Arnold Lee

Arnold Lee with Chicago Bulls player Wayne Selden Jr.
Photo: Samantha Brown

Arnold Lee ’10 BS KINES knows how lucky he is.

A longtime Chicago sports fan, he has a dream job—assistant athletic trainer for the Chicago Bulls.

“I didn’t think that your passion and your career could be the same thing,” Lee says.

Lee started UIC as a pre-dentistry major, but he found his career path in an introductory kinesiology class taught by Karrie Hamstra-Wright, KN clinical associate professor.

“Karrie had such an impact on the direction of where I wanted to take my career. I don’t think she really knew how much impact she had,” says Lee.

The experience of Lee’s father, who had moved to the U.S. from South Korea, was another influence. Although he had an MBA in his native land, his career aspirations were stymied by the language barrier and an immediate need to support his family. At one point, he worked three manual labor jobs to make ends meet.
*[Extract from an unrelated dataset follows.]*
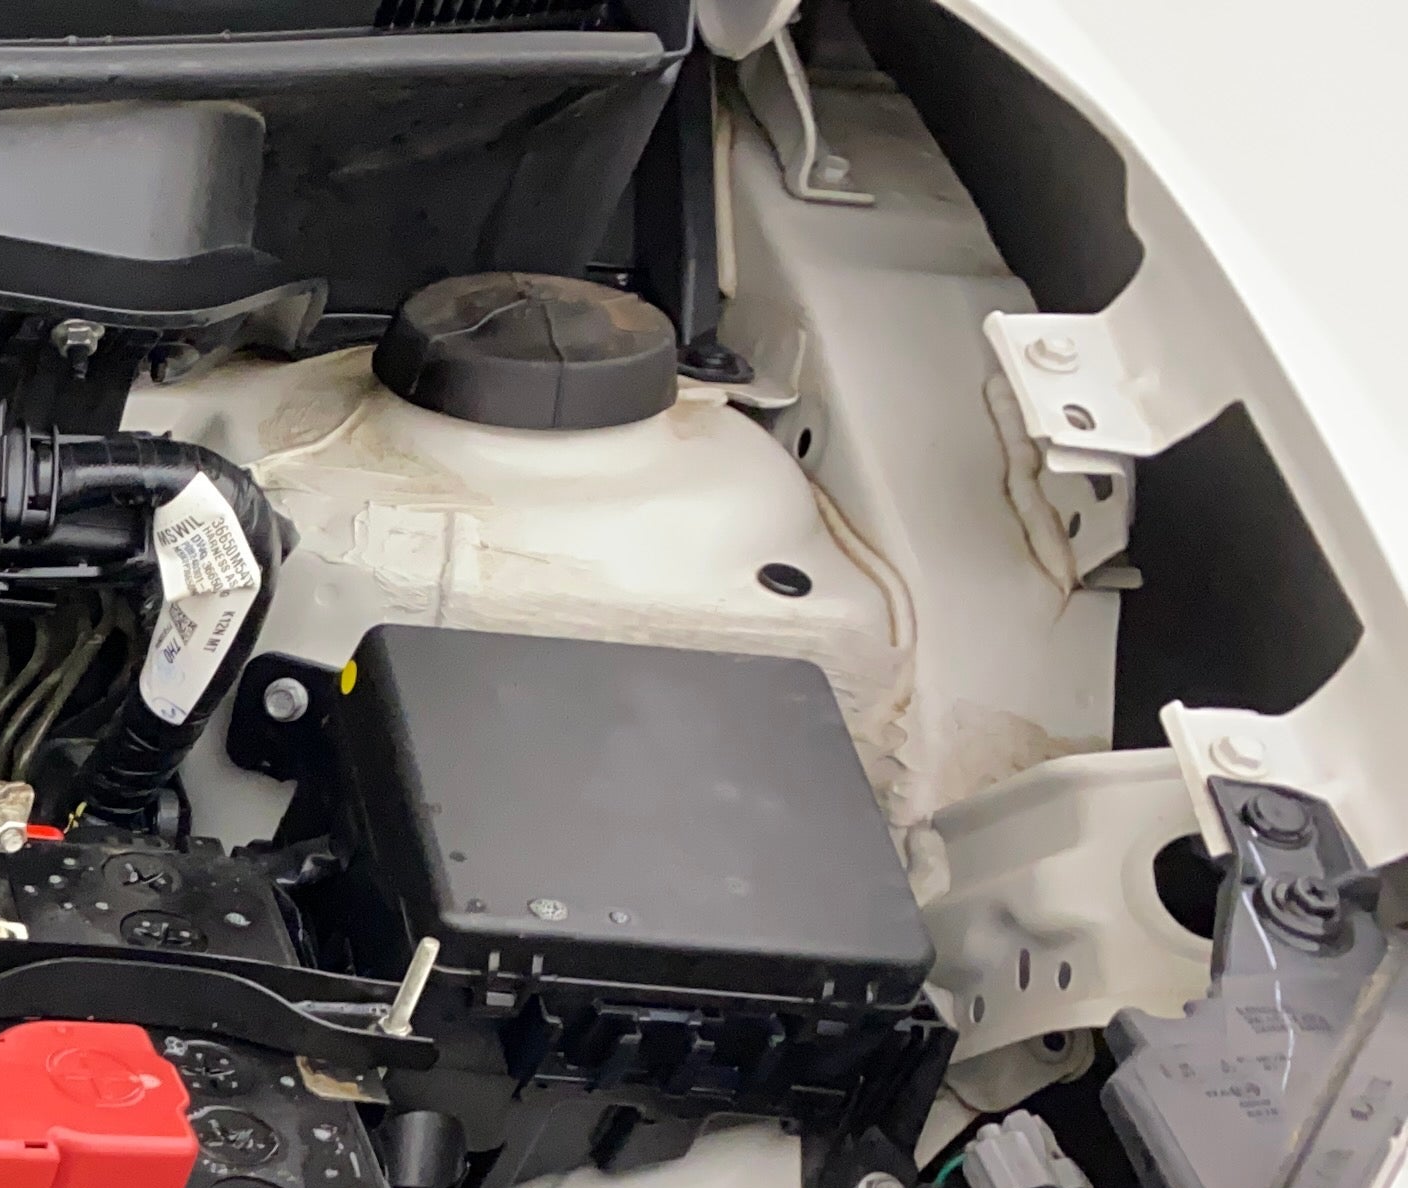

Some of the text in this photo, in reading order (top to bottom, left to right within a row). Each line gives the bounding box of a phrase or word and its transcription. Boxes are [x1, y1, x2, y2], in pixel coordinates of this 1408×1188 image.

[156, 515, 205, 547] MSWIL
[203, 526, 231, 573] HARNESS
[204, 611, 236, 652] K12N MT
“He was forced into this career to provide for his family,” Lee says. “That was always ingrained in me.”

After graduating from UIC, Lee earned an MS in athletic training at California Baptist University. In his first job, as athletic trainer at Kennedy-King College on Chicago’s South Side, many of his students used sports to access higher education and emerge from poverty.
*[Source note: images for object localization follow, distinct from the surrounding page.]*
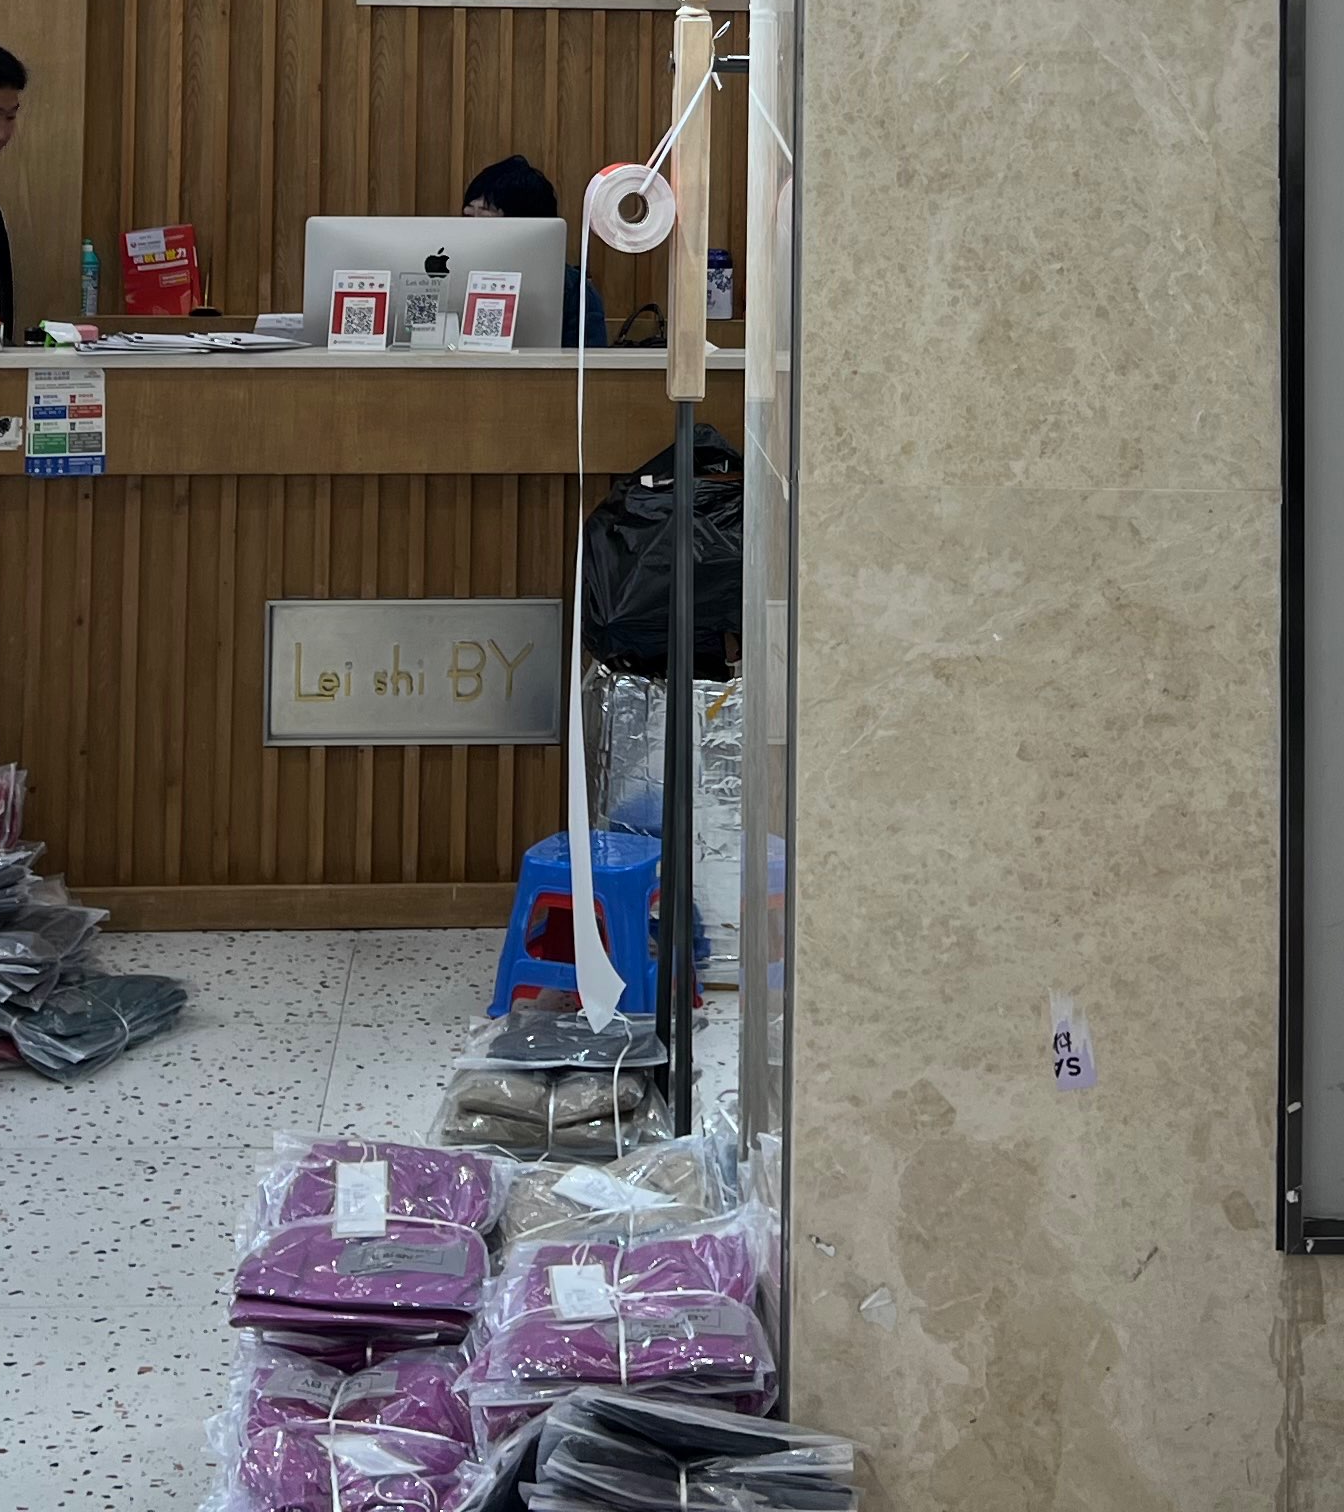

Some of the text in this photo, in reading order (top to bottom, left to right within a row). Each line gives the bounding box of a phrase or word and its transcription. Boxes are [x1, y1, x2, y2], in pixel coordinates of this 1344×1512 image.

[295, 639, 535, 702] Lei shi BY
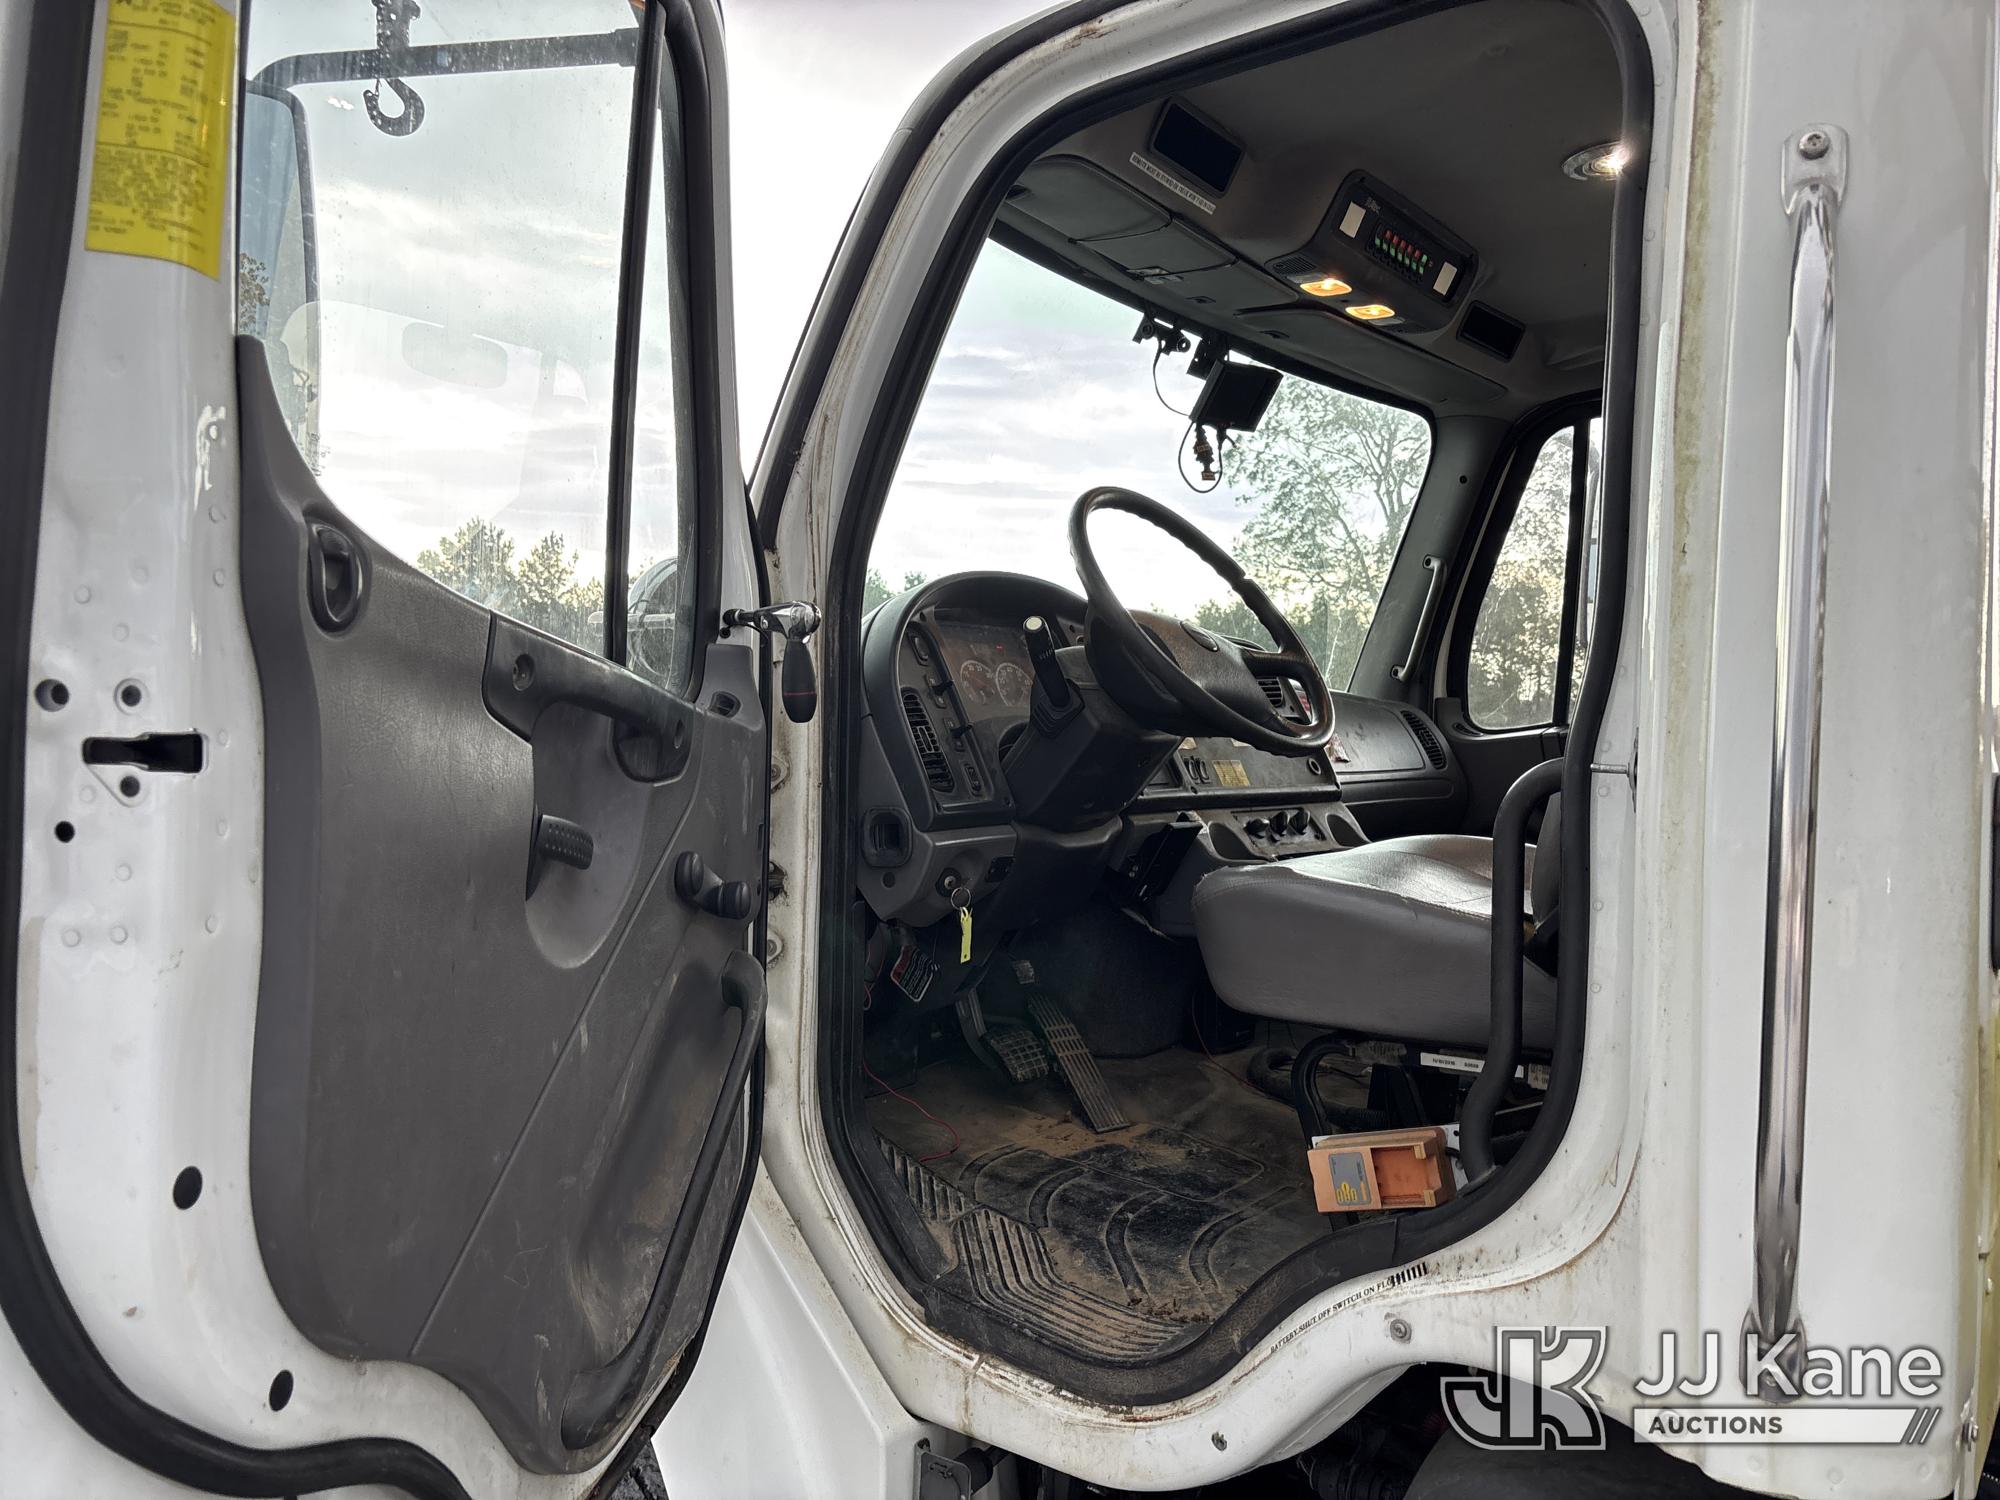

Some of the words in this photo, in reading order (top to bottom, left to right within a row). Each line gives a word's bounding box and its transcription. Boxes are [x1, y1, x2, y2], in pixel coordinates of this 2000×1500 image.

[1270, 1329, 1298, 1354] BATTERY
[1298, 1315, 1317, 1332] SHUT
[1318, 1308, 1331, 1320] OFF
[1332, 1291, 1362, 1311] SWITCH
[1363, 1286, 1375, 1297] ON
“I formed so many bonds that I could never replace,” he says. But after three years, “on a career level, I felt like I wasn’t growing, like I needed to move on.”

Lee considered switching careers; he was newly married (to Jane Ahn ’11 LAS) and felt the responsibility of providing for his own family.

Then he got an athletic training internship with the Chicago Bears for summer training camp and preseason.

“I found the joy in my career again,” he says.

He was hired as head athletic trainer for the Windy City Bulls, the Chicago Bulls Development League Team in the NBA G League. A year later, he moved up to become Bulls assistant athletic trainer in 2017.

Lee, who is a certified athletic trainer, strength and conditioning specialist and corrective exercise specialist, works to keep the Bulls in top physical shape during the playing season and in the offseason. Before each game, he stretches the players and does tissue work. Throughout the year, he also leads injured players through therapeutic exercises and, along with the strength coaches, monitors them in the weight room.

“I love helping people return to health and the bond that you form with your athletes,” he says.